To female journalists, it was just “the list.” More specifically, the spreadsheet circulating from woman to woman on Wednesday was titled “SH–TY MEDIA MEN.”
“What To Do With ‘Sh–ty Media Men’?” the BuzzFeed story had asked in its headline.
“You mean now that this piece killed like any possibility for the list to continue to exist?” one female writer shot back.
The timeline is fuzzy. Some believe the spreadsheet went down only after BuzzFeed posted its story. Others say they lost access beforehand. But the article implied that it was irresponsible to compile a list of accusations without giving men a chance to respond. And, in the interest of interrogating that irresponsibility (or snagging some good Web traffic), BuzzFeed was prepared to blow up a tool that women were using for solidarity and safety.
The irresponsibility critique betrays a misunderstanding of what the list was about. It was meant to be private, not public. It wasn’t supposed to be distributed to employers so they could summarily fire anyone who appeared on it. No such thing would ever happen anyway. Sure, a news organization could have chosen to use the information in the spreadsheet as a springboard for a real story, rather than to churn out a quick think piece that deprived other journalists of that chance. But the point was community: You have my back, and I have yours.
The list was the hallway, bathroom and barroom warnings passed between women for generations in written form. Those have long been the best hope of women seeking to shield themselves and their peers from sexual assault, because many feel that making a public accusation and allowing a man to respond rarely works, that using official channels rarely works, that even filing suit often doesn’t work. That’s why Harvey Weinstein got away with hurting so many for so long, and it’s the same pattern we saw just yesterday when Twitter suspended Rose McGowan (ostensibly for tweeting out a personal phone number) after she accused Ben Affleck of lying about his complicity in the media mogul’s crimes. It’s also why a man who brags about grabbing women “by the p—-y” could still end up in the Oval Office.
Maybe what happened on Wednesday will warn men that harassing women will become harder to get away with. Without the Internet, women never could have made a list so extensive and so widely shared in the first place. Yet it should also teach women that the same power of social media can work in the opposite direction.
By the time BuzzFeed weighed in, the list had already been infiltrated by men scanning it for their own names. Some contributions were getting deleted. The spreadsheet wasn’t password-protected, and it was anonymous, so organizers had no way of knowing whether its viewers were the people it was intended for.

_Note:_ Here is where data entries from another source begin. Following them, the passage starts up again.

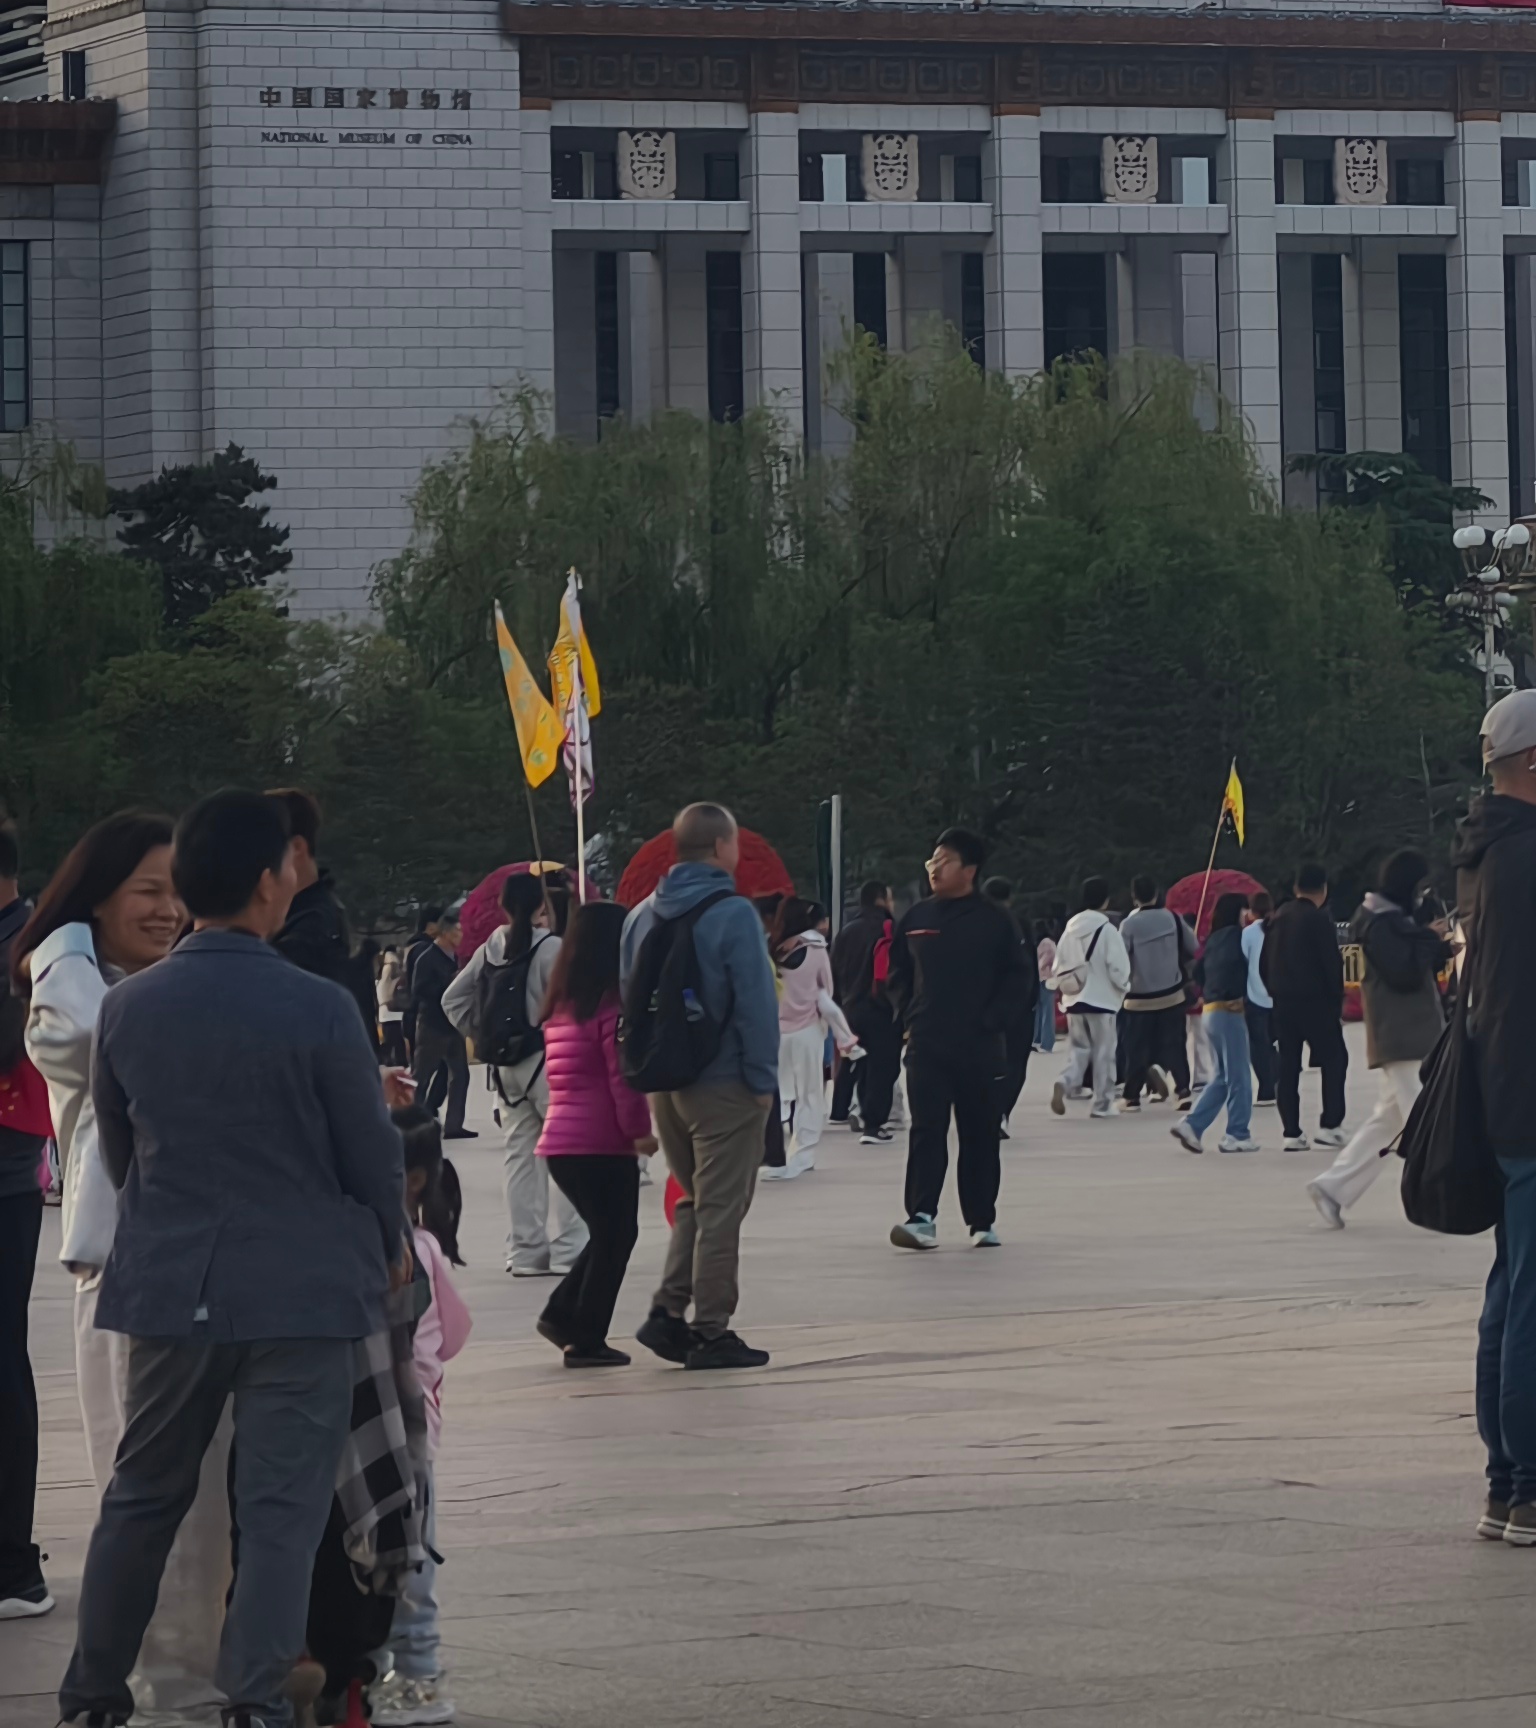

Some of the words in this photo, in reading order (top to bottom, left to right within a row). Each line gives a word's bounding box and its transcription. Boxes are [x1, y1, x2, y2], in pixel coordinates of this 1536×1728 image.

[261, 132, 328, 144] NATIONAL
[338, 132, 395, 144] MUSEUM
[405, 133, 422, 145] OF
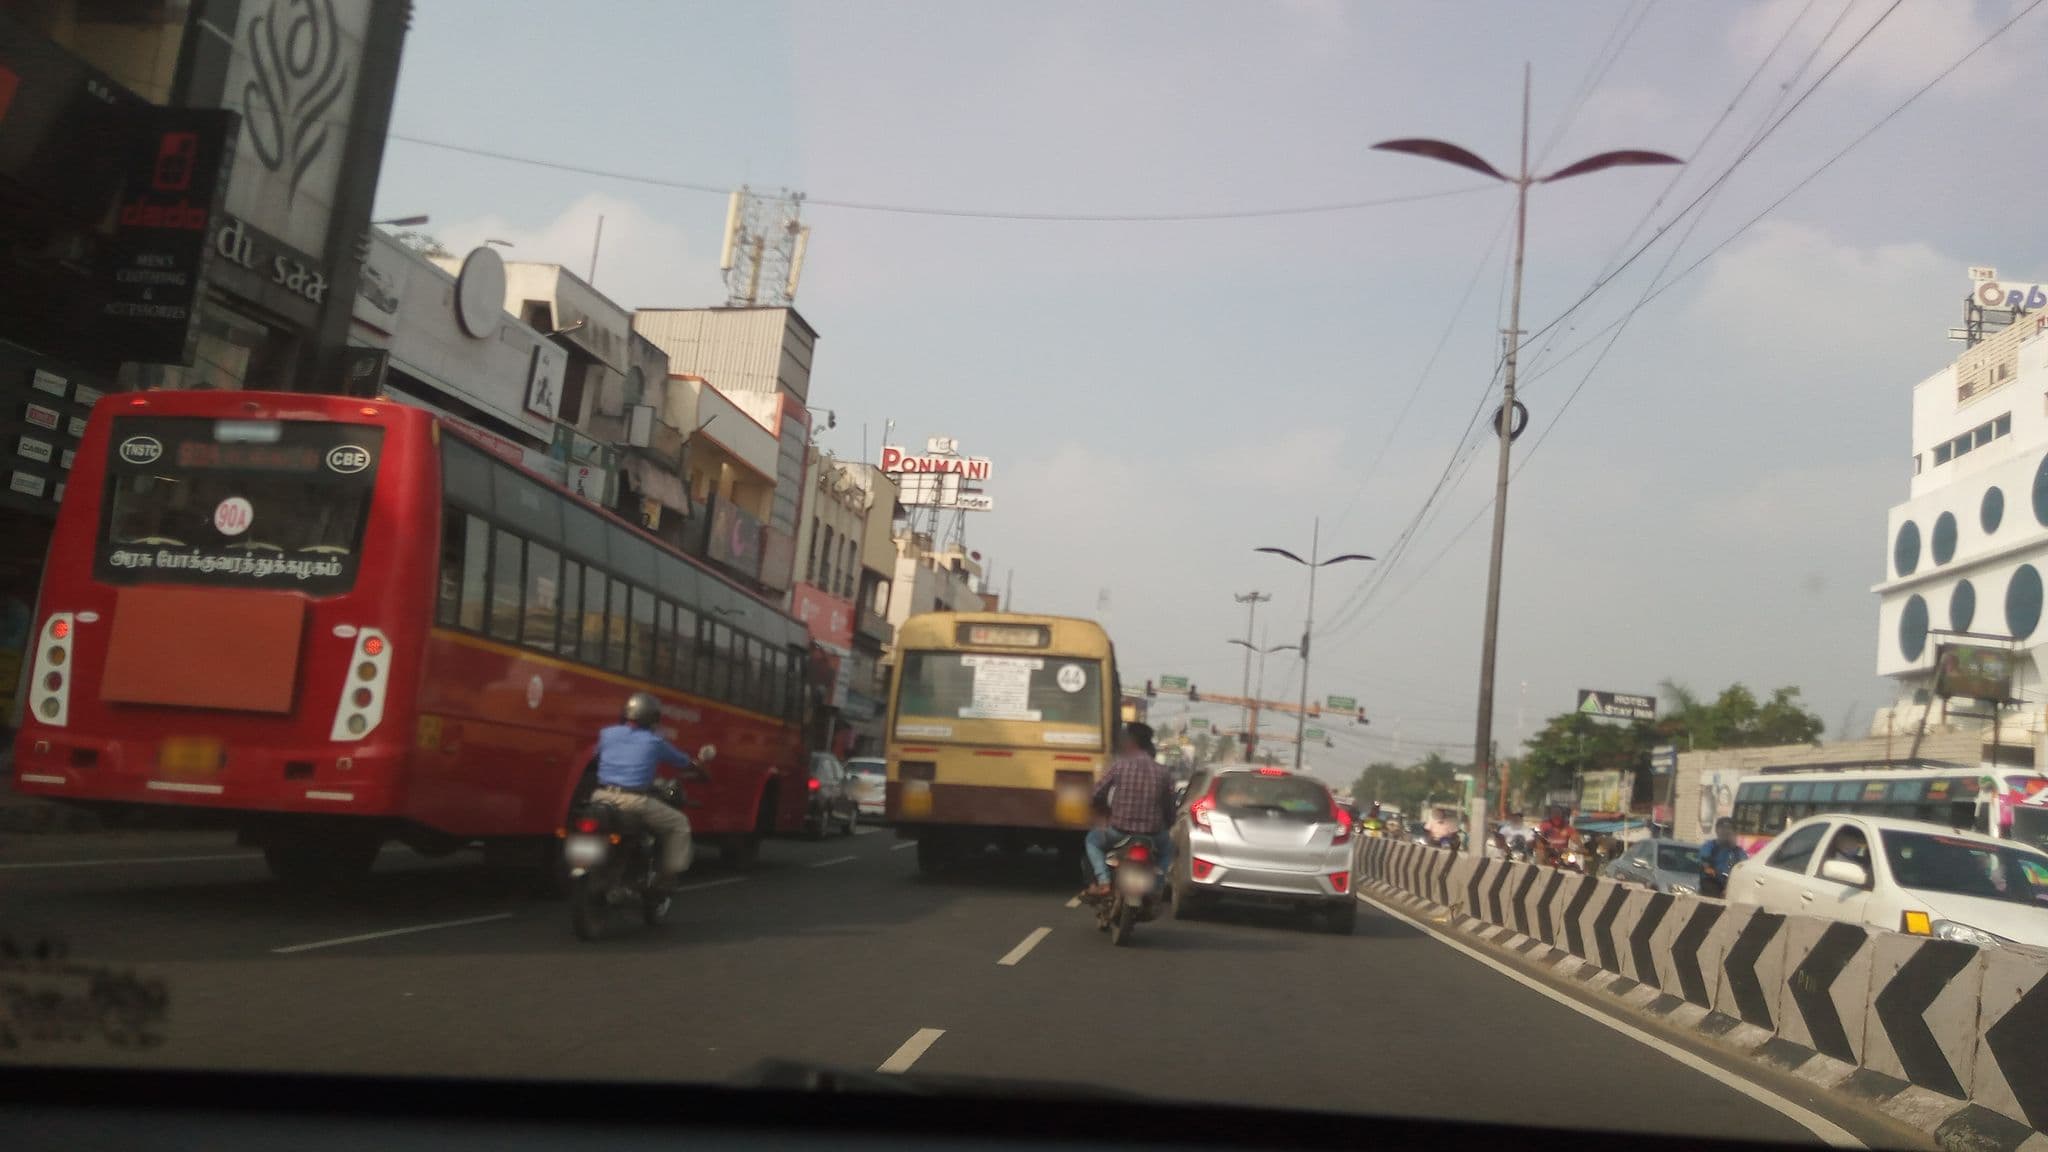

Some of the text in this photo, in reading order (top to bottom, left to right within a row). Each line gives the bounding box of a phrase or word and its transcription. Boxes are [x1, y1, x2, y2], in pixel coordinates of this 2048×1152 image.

[272, 255, 328, 304] saa
[126, 443, 160, 457] TNSTC
[331, 452, 366, 467] CBE
[218, 503, 246, 528] 90A
[1614, 695, 1650, 707] HOTEL
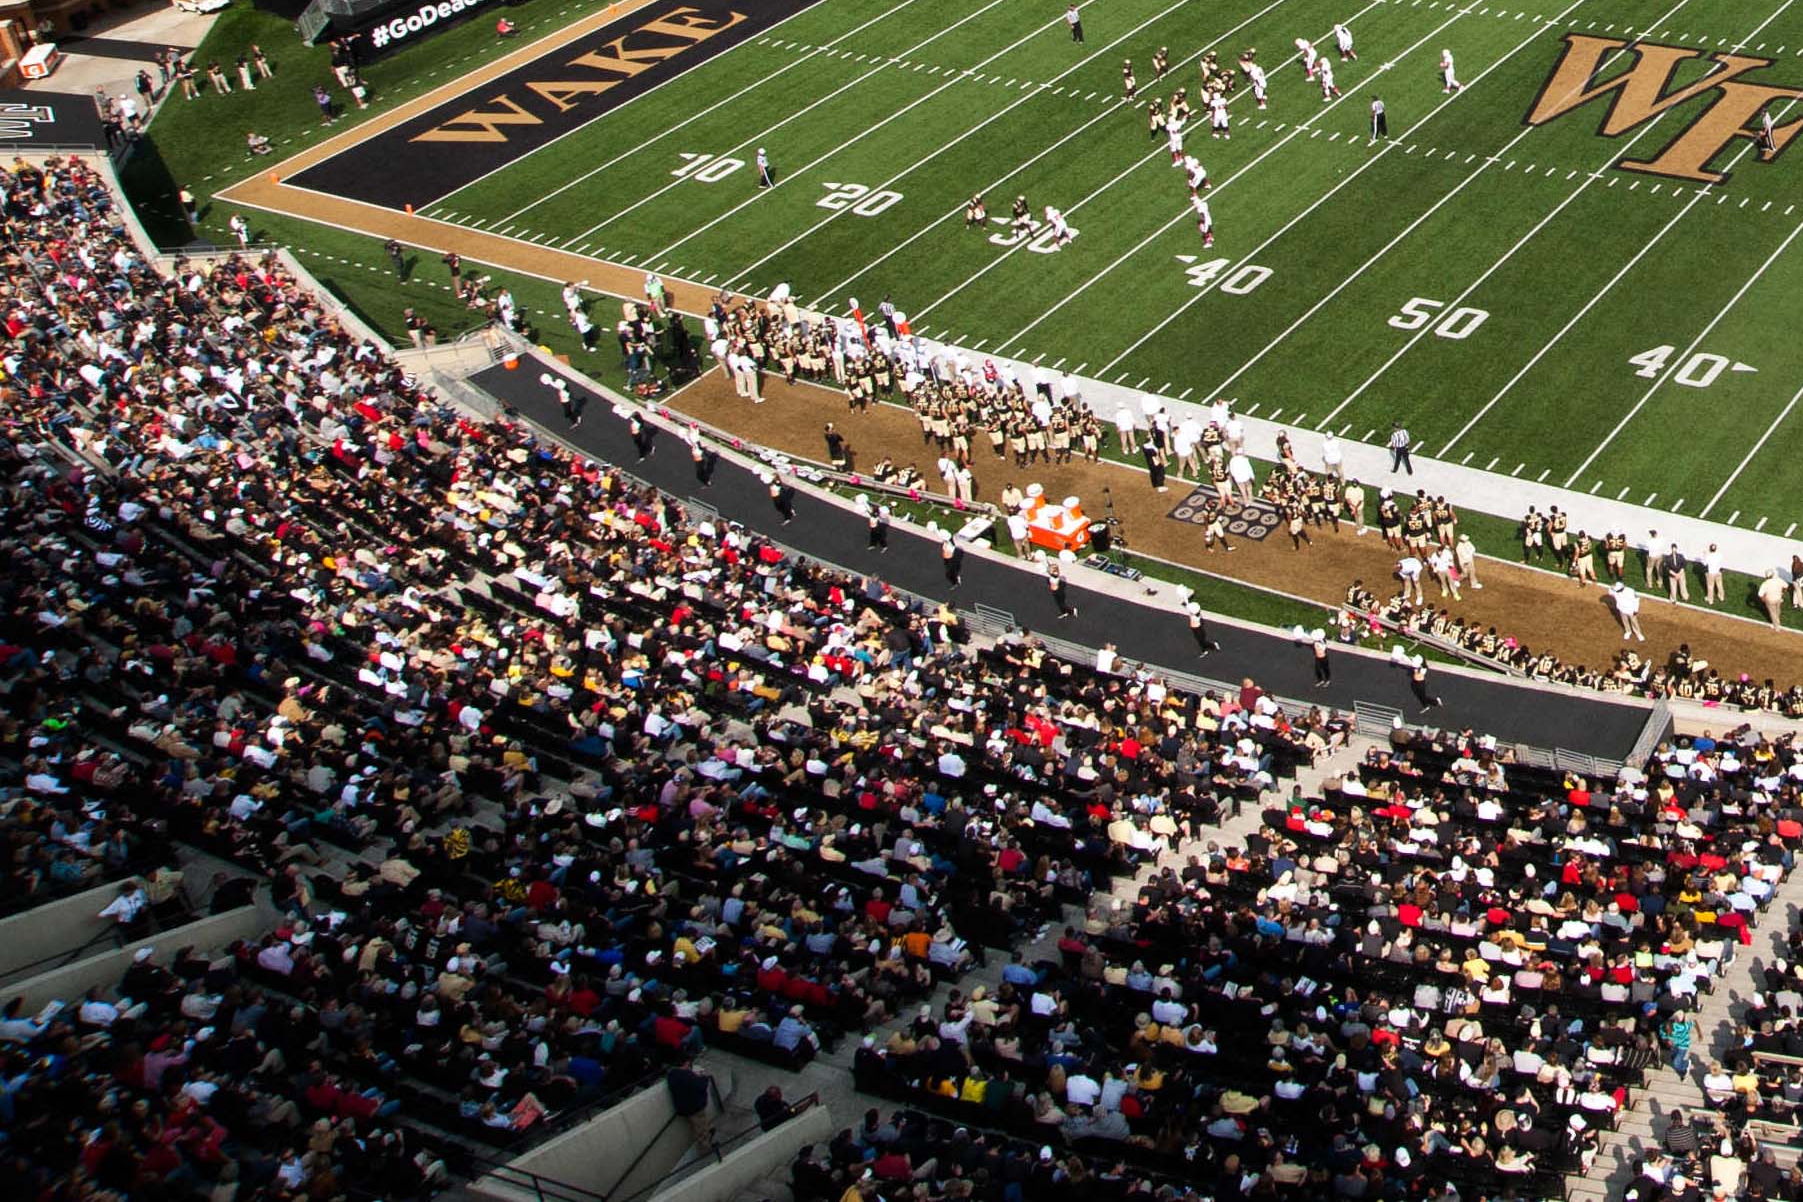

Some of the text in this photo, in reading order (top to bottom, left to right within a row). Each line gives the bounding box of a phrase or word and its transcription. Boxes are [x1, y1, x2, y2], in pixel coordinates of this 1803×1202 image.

[409, 6, 747, 143] WAKE
[670, 155, 746, 184] 10
[817, 184, 904, 217] 20
[1184, 256, 1274, 296] 40
[1388, 296, 1490, 340] 50
[1628, 345, 1730, 388] 40

That wouldn’t have been a problem without bad actors on the scene, but the story of systematic sexual harassment is all about bad actors – from those who assault people to those who enable it. Women will have to balance between safeguarding projects like the list and making them available to those who might need them.
Finally, the list and its downfall should be an invitation to the rest of the media to write about publications’ own problem with the same behavior they’re outing in other industries. The list belongs to the women who created it, not to BuzzFeed. But the corrosive culture that made it necessary is ripe for reporting.